Comment amener les élèves à développer leur esprit critique lorsqu’ils débattent de questions socioscientifiques complexes ? Après avoir présenté le cadre du dispositif, qui utilise le diagramme en V pour structurer le débat, voici la présentation de sa mise en œuvre en classe de SVT, les résultats observés et les ajustements qui permettront d’améliorer encore cette pédagogie de l’argumentation.

Dans mon précédent article, j’ai présenté le projet pédagogique élaboré avec Nathanaël Jeune (dit Pleen), chercheur en sciences de l’éducation, au sein du programme Profs-Chercheurs. Notre travail vise à développer les compétences et dispositions argumentatives critiques des élèves à l’oral sur des questions socioscientifiques.

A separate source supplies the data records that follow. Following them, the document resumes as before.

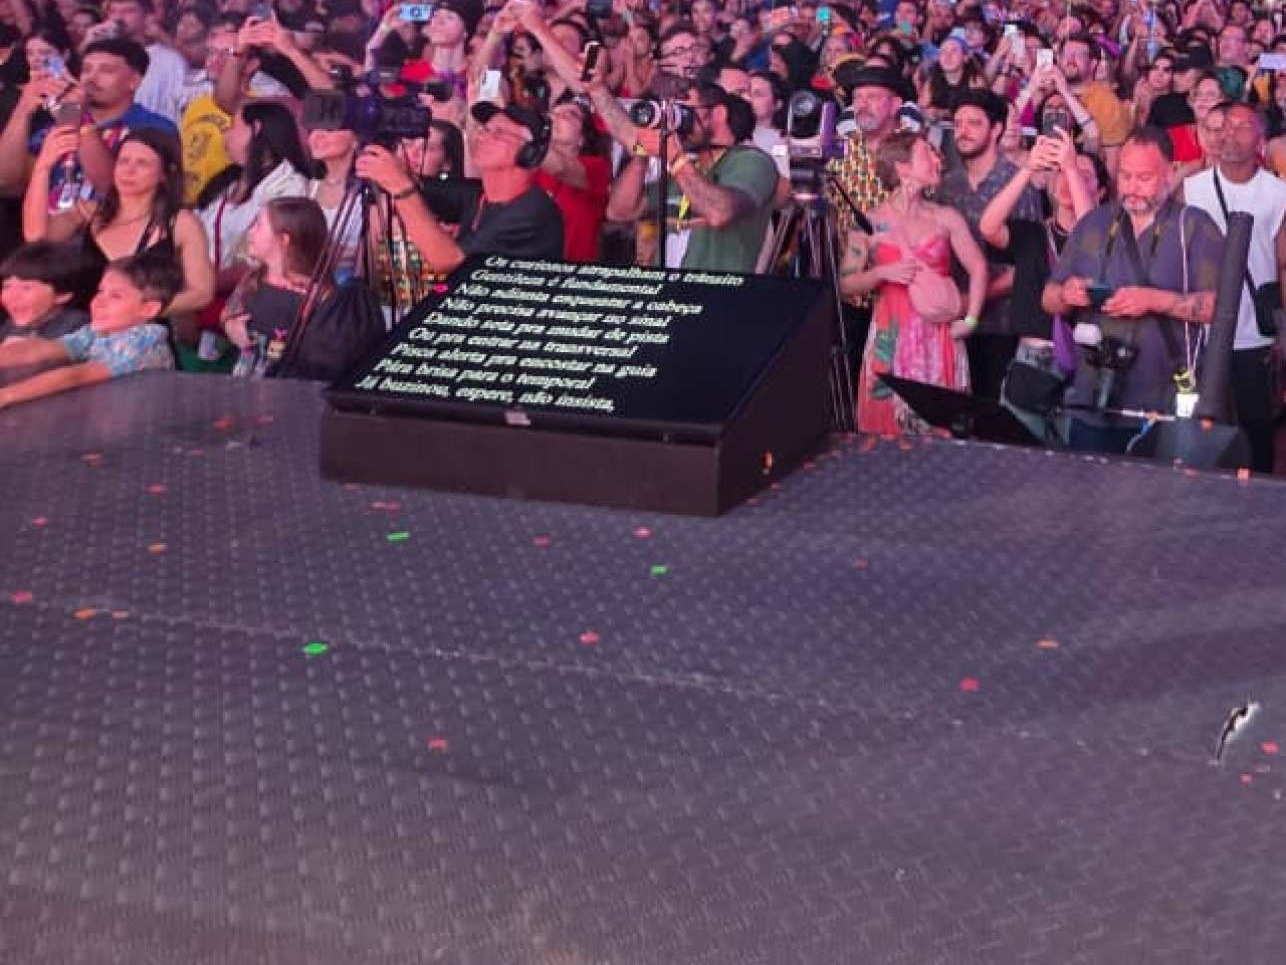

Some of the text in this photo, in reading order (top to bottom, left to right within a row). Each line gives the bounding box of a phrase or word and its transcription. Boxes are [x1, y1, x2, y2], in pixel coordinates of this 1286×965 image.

[471, 269, 663, 293] Gentileza é fundamental
[485, 255, 745, 285] Os curiosos atrapalham o trânsito
[438, 297, 673, 326] Não precisa avançar no sinal
[454, 283, 490, 296] Não
[490, 287, 550, 300] adianta
[552, 295, 631, 307] esquentar
[647, 300, 703, 314] cabeça
[408, 327, 639, 356] Ou pra entrar na transversal
[422, 311, 670, 344] Dando seta pra mudar de pista
[389, 342, 658, 377] Pisca alerta pra encostar na guia
[355, 375, 380, 389] Já
[455, 387, 515, 402] espere,
[517, 390, 554, 403] não
[415, 362, 460, 376] brisa
[456, 369, 499, 381] para
[500, 373, 515, 381] o
[515, 373, 596, 388] temporal

Ce débat, guidé par le diagramme en V de Nussbaum, s’insère dans une séquence pédagogique d’une durée plus ou moins longue, dont voici les principales étapes1 :

Étapes 1 à 3 : question et préparation

1- Situation déclenchante, présentation de la QSS.

2- Émergence du désaccord entre pairs (sondage d’opinion, micro-débat).

Étape indispensable pour prendre conscience de l’existence d’une diversité d’opinions entre les élèves et donc questionner la confiance que chacun accorde à la sienne. On en profite pour réfléchir sur l’importance que peuvent prendre les conséquences éventuelles des différents points de vue. On peut aussi réfléchir sur l’état des connaissances acquises sur le sujet et ainsi mettre en évidence une certaine carence qui doit être comblée pour avoir un avis éclairé. Ces points semblent constituer des leviers intéressants pour motiver les élèves à se lancer dans un processus de recherche d’information sur le sujet traité.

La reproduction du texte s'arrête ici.